The tinfoil may not work in this case but here is another strategy for urban defense against the ground-robots. Make sure that you have the tools to open every fire-hydrant in the city. The robots will drown unless they are attended by enough soldiers to close the hydrants. I am not kidding. Imaginative defenses even by lightly armed or unarmed groups will always be found.
When robots or any man-free vehicle is deployed, strategies on location are worked out long time in advance. Only if they deem it necessary will they hire up more programmers to exploit for technological advancements. I'm not saying that you're necessarily wrong but I wouldn't take anything for granted.
The unspoken, incredibly arrogant assumption behind all this enthusiasm for the robots is that they will be used against poor brown people who have no resources to fight back with effective weaponry of their own.

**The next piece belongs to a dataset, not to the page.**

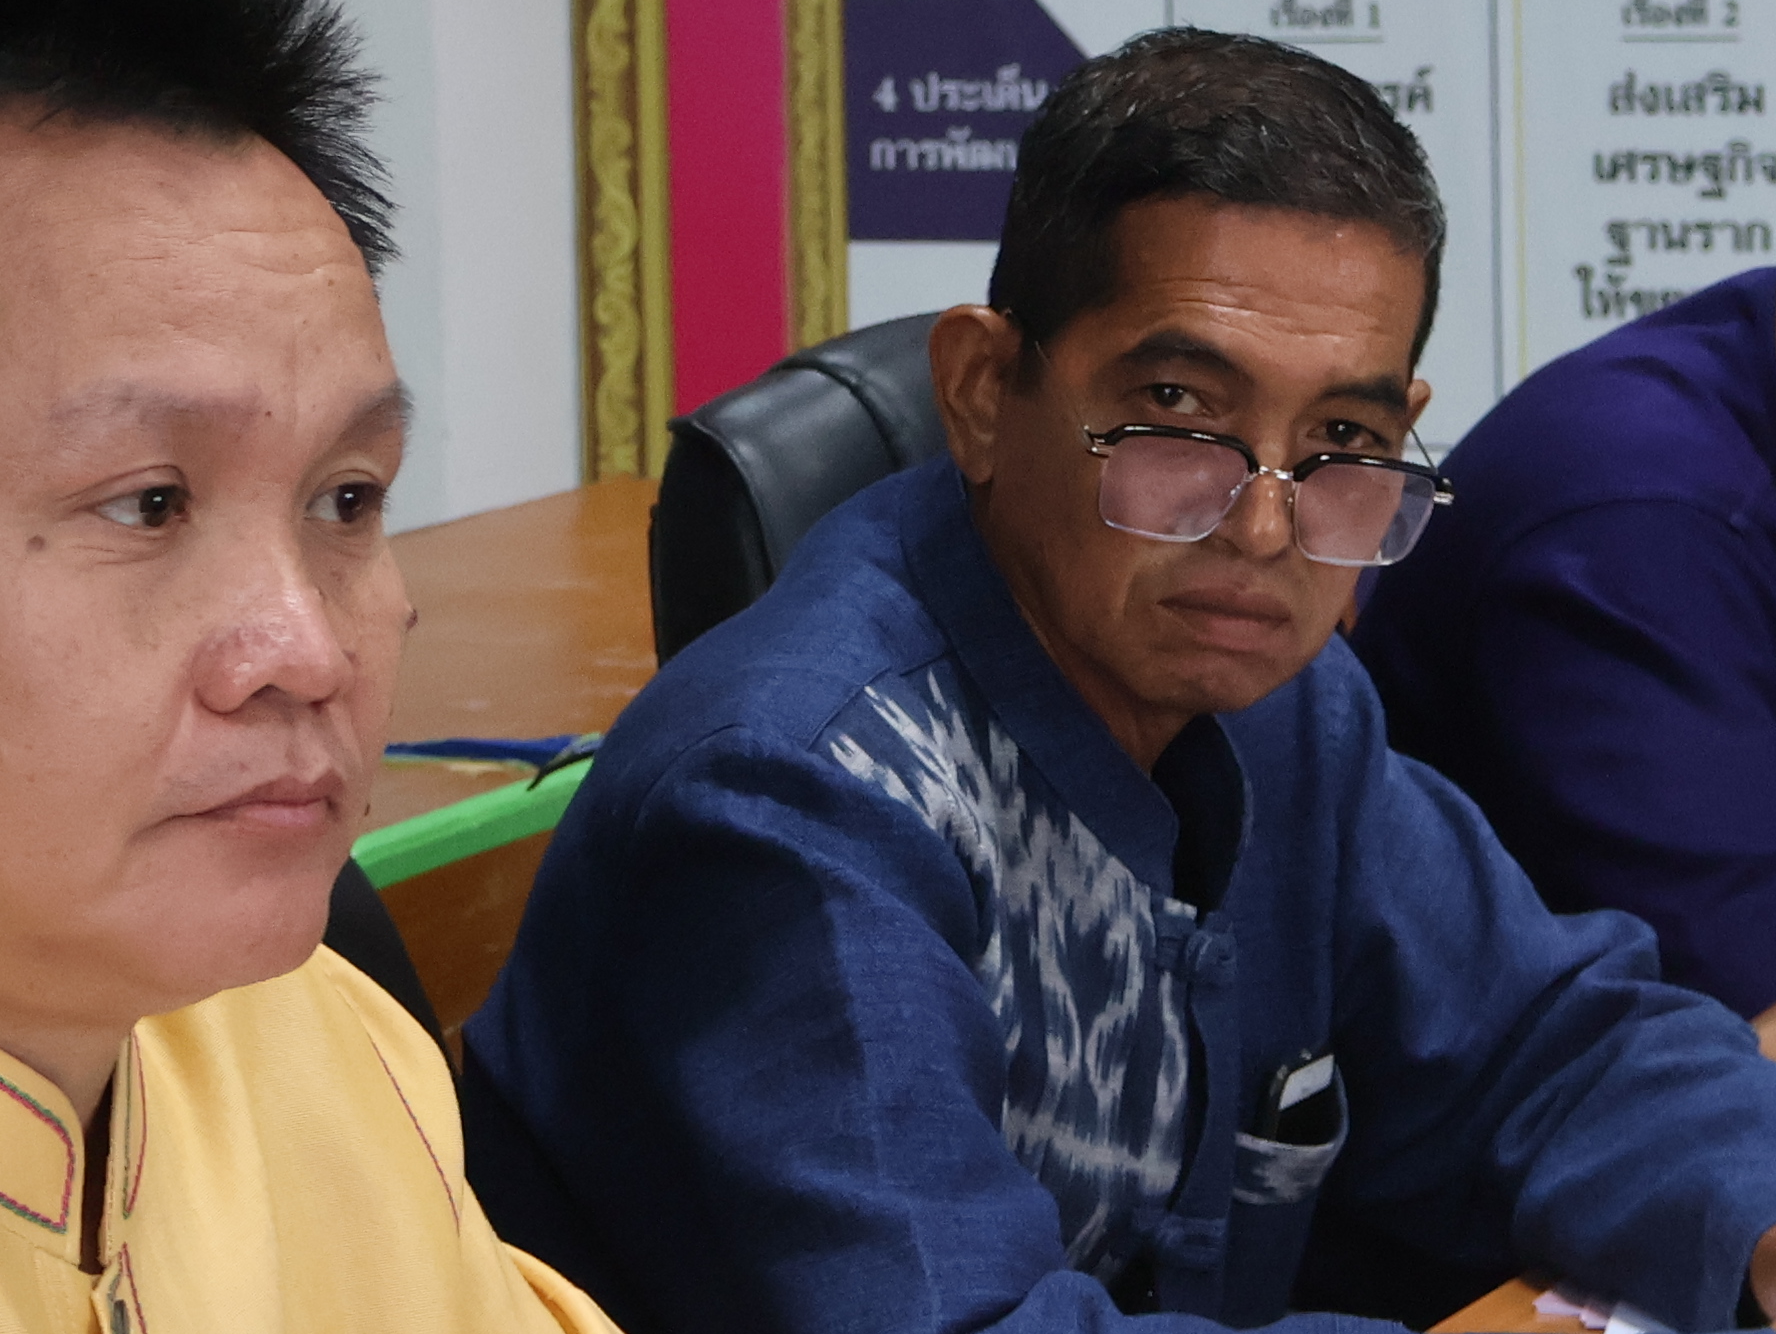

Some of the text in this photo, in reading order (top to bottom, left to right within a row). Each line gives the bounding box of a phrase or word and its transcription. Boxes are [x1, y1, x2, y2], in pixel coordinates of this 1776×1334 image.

I sure miss the cold war days when the USAns knew that if they fucked with anyone in the third world who the Soviet Union might regard as an ally, and Kruschev or Brezhnev were in a bad mood, the SS-18's with 25 megaton warheads would be on the way, and they and everyone they loved would be reduced to wisps of vapor rising the stratosphere in a mushroom cloud within minutes. That kept the fear of God (or more accurately, fear of the people) in these cowardly pentagon thugs.
I don't understand why you still think that these weapons are intended to be used against "poor brown people". They are intended to be used against YOU.

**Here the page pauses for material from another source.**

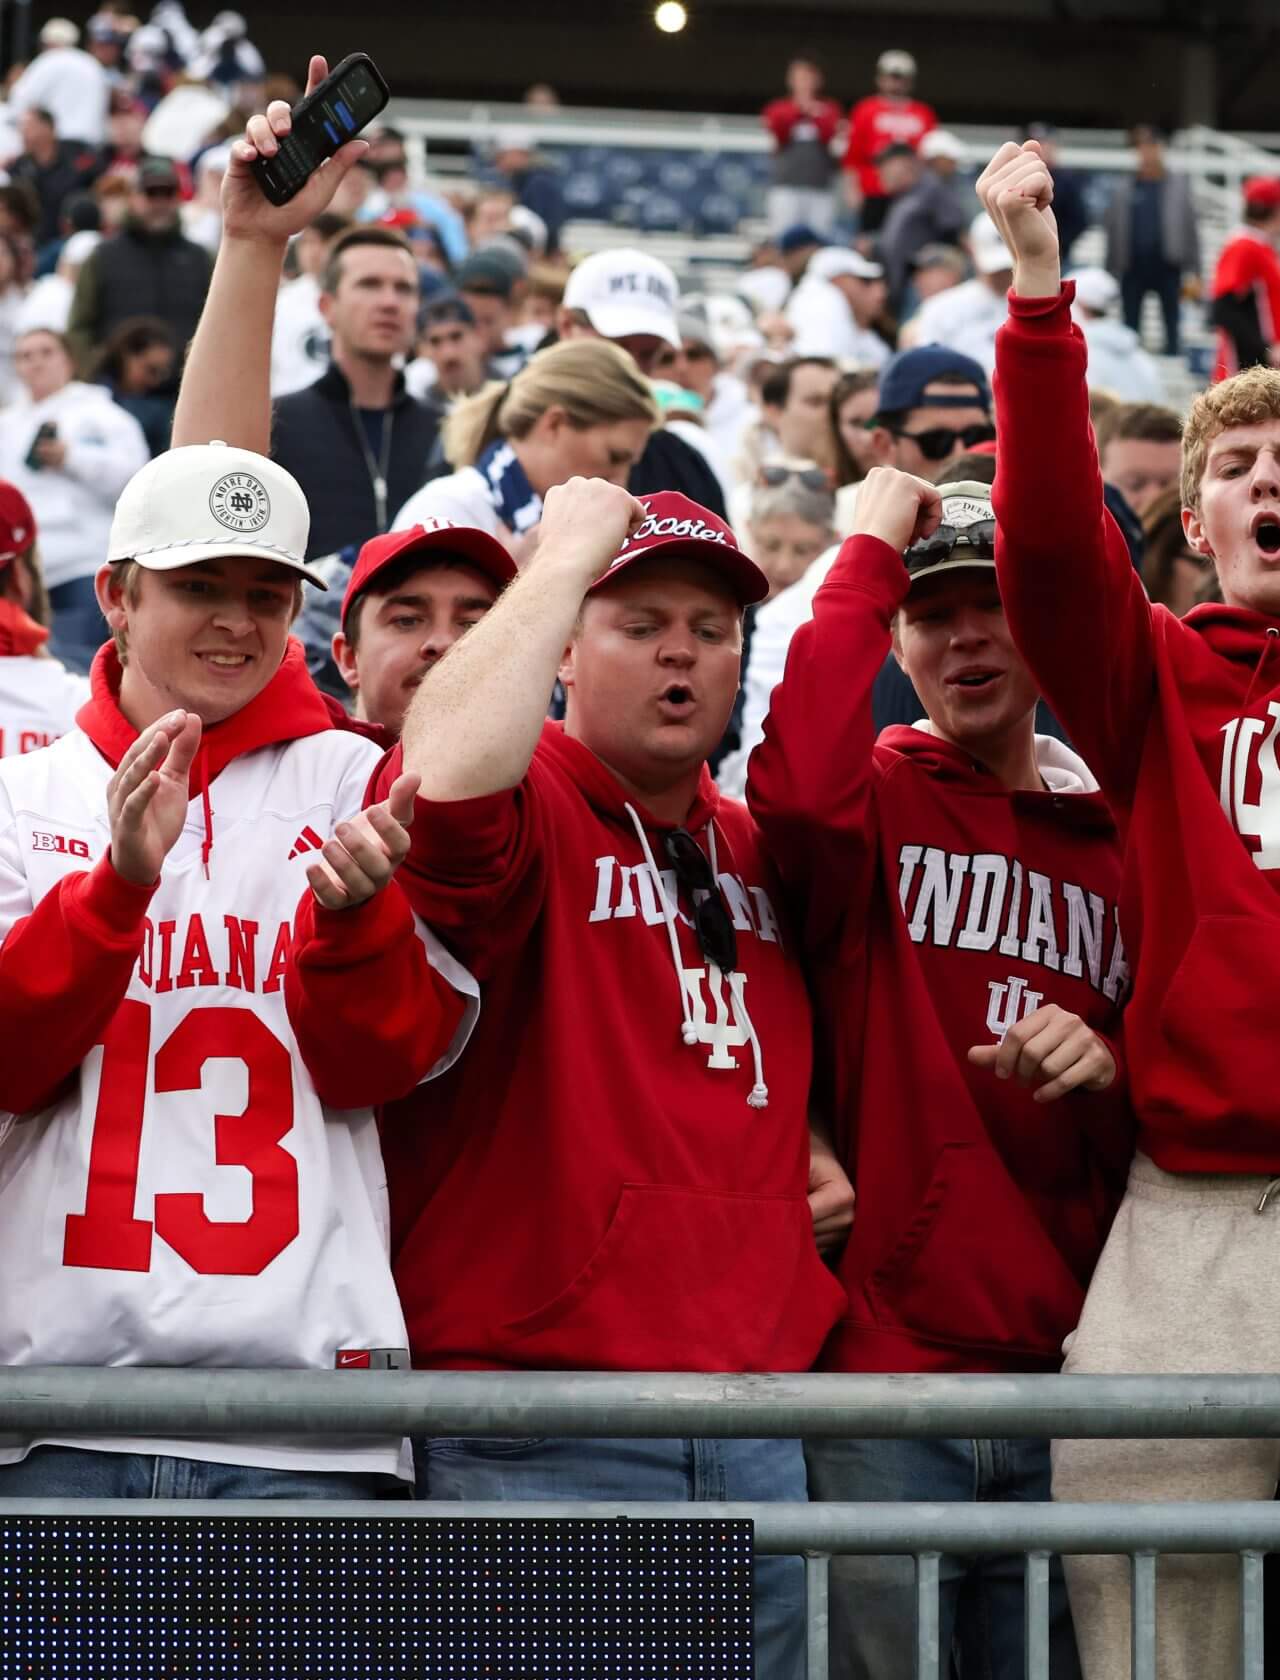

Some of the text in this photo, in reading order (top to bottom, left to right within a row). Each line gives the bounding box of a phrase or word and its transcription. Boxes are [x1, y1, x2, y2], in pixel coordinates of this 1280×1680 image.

[215, 476, 266, 502] NOTRE DAME
[633, 501, 736, 549] oosier
[138, 913, 293, 994] DIANA
[62, 997, 300, 1277] 13

There are unfortunately plenty of human soldiers willing to sign up to kill "poor brown people", but there will be significantly less willing to sign up to kill Americans. That is what the robots will be ultimately intended for. To keep you in line.
Time to have another viewing of the Lucas movie, THX1138. It covers most of ideas that we are currently experiencing. He didn't predict robot killers, but went one better and included robot cops in his film. This film puts all the star war stuff to shame.
Slaves to technology. That's what consumerist societies have become. Same goes for the military. If the darn thing can be built then it's a must have, regardless of cost. In an ever materialistic culture, independence of mind is a thing of the past, a luxury hardly anyone cares to afford. As technology advances the willing herds follow as if lacking in the freedom not to be trapped in its relentless march.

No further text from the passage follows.